Q. Your main character Rowan is suffering from post-partum anxiety and experienced a traumatic childbirth. How did you research this topic, and was it difficult? You’re a mother of four; did you experience anything like what Rowan did after your children were born?

Katie: The most difficult parts of the novel to write was everything Rowan experiences as a new mother. I did feel anxiety like many new mothers, and the more I talked to other women, the more I realized that their birth stories often come with unpredictable circumstances and outcomes. I think we’re all more open to talking about them now, which is a great thing.

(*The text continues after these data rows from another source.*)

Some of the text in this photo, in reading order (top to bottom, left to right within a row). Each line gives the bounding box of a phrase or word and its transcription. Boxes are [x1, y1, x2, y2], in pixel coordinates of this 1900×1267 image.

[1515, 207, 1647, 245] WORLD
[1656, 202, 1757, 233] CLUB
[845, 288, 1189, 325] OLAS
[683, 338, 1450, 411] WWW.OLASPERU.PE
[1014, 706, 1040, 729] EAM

And I was lucky enough to have a friend who is a postpartum doula read a first draft of the novel and offer feedback, and later spoke with an OBGYN to go over the details of Rowan’s traumatic birth. 

 

Q. If The Break were made into a movie, who would you choose to play Rowan? What about June?

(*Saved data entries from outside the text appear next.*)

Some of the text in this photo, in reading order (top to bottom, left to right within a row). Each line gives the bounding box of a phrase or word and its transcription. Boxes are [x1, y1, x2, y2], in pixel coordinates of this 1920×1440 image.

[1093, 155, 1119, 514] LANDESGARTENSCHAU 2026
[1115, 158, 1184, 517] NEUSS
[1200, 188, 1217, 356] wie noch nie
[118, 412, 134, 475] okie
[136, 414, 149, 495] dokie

Katie: Jennifer Lawrence for Rowan and Elle Fanning for June.

 

Q. Are you the type of writer who outlines everything first, or do you ‘go where the pen takes you’ when you start a new novel? What is your process?

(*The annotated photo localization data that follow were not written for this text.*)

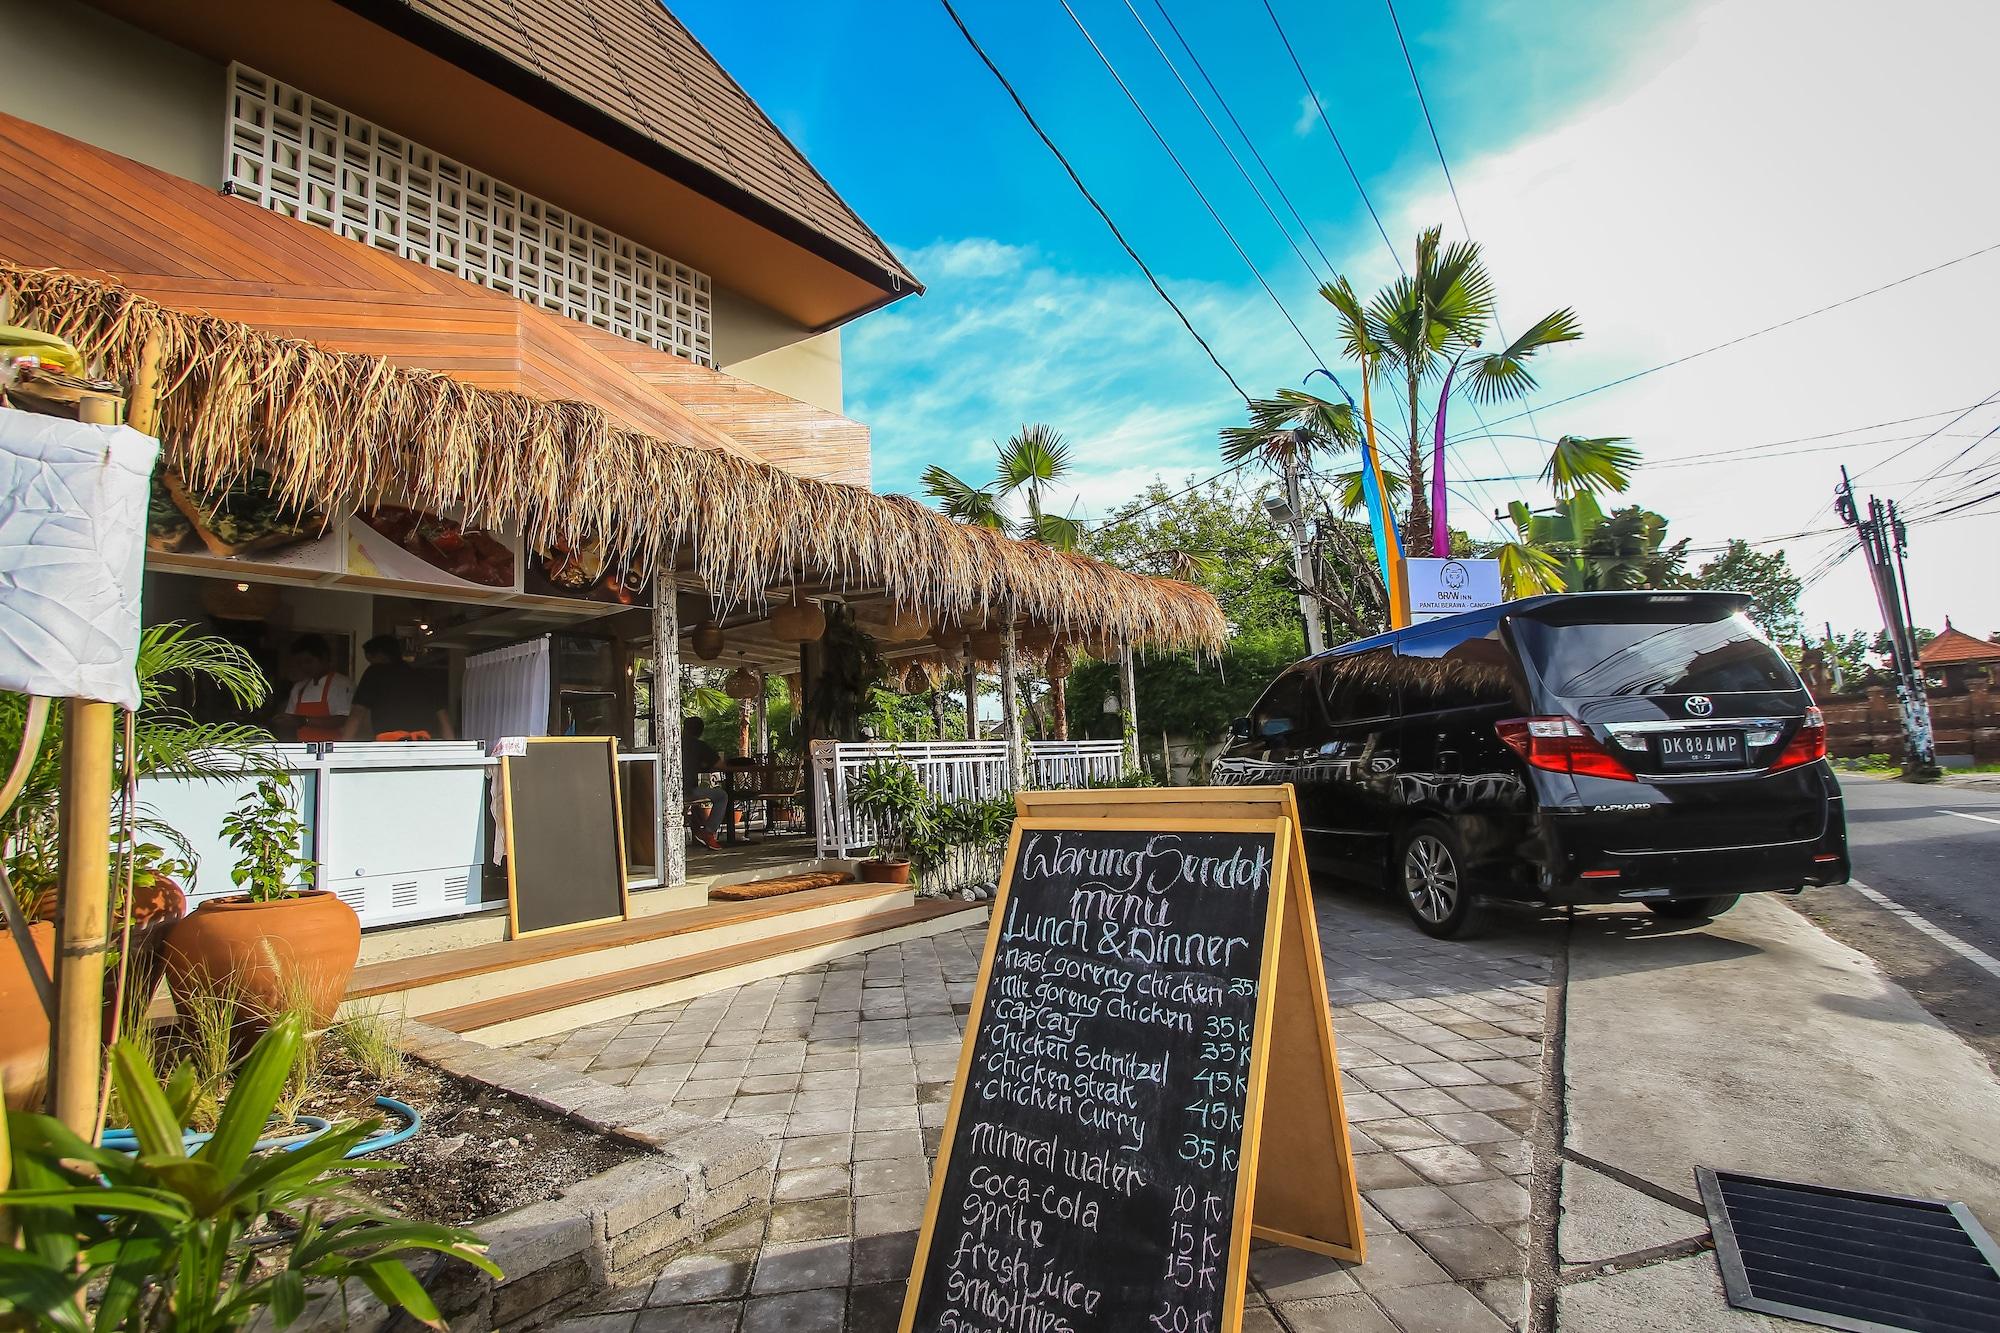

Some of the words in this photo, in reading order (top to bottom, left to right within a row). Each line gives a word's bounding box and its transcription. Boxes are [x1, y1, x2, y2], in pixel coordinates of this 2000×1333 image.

[1593, 803, 1651, 812] ALPHARD
[1023, 833, 1147, 893] Warung
[1145, 834, 1272, 895] Sendok
[1002, 896, 1090, 953] Lunch
[1097, 921, 1125, 960] &
[1127, 927, 1250, 967] Dinner
[1041, 957, 1135, 996] goreng
[1031, 981, 1102, 1017] goreng
[1074, 1044, 1170, 1087] Schnitzel
[1074, 1071, 1138, 1109] Steak
[1078, 1098, 1147, 1150] Curry

Katie: I don’t do any outlining at all! I really enjoy just sitting down and seeing where the characters take me. It almost feels like watching a movie. I write in the mornings, and I try to write 1,000 words per day. Characters and situations always surprise me, and if I can relax enough to trust my characters, they always reveal themselves! 

 

Q. I think I read somewhere that when you started writing The Break, you didn’t know who the ‘bad guy’ was. Does writing often times go in a different direction for you than what you had planned? Do circumstances pop up that surprise you? Can you offer some examples?

Katie: That’s true! I often don’t know who the “bad guy” is when I sit down to write. In Open House, I thought I knew who did it right up until one of the final scenes, when another character came into the scene and committed the crime. I went back on revision and fine-tuned this character so that it would seem believable that he was capable of doing something so horrific. In The Break, I thought two characters were going to become romantically involved, and that one of those characters would commit the crime. But no matter how many times I put them into the scene together, it never happened. They just wouldn’t get together. It made me work a little harder to come up with another motivation for them to do the things they eventually do in the novel, and it turned out that another character committed the actual crime. I never saw him coming. Rowan, my main character, is a mystery writer. Her husband says that one of the reasons her readers are so surprised by her killers is that she herself doesn’t know who the killer is as she’s writing. That certainly applies to me as a writer!  

  

Q. What are you working on now? 

Katie: I’m working on a new novel called The Vacation Rental, about a woman who rents out her beautiful country home with very unexpected results.

Katie Sise's Latest

The Break Suspense Thriller

The Break

After the traumatic birth of her daughter at a New York City hospital, Rowan O’Sullivan returns home to her apartment with her perfect newborn, Lila. At her side are her husband, Gabe, and June, a part-time babysitter hired to help Rowan in any way she can.

But in this time of joy, Rowan can’t shake the feeling that something isn’t right. She feels dread. She’s breaking.

Rowan’s growing instability leads her to accuse June of unspeakable things. And when June disappears just days later, Rowan becomes a suspect. The neighbors heard the screaming. But only Rowan knows what really happened. If her mind can be trusted. Since Lila’s birth, her memory has been both unreliable and frightening.

To uncover what happened to June and protect her new baby, Rowan must try to untangle the deep recesses of her mind and face the dark things she’s so desperate to keep buried. When she does, no one is prepared for where the truth leads.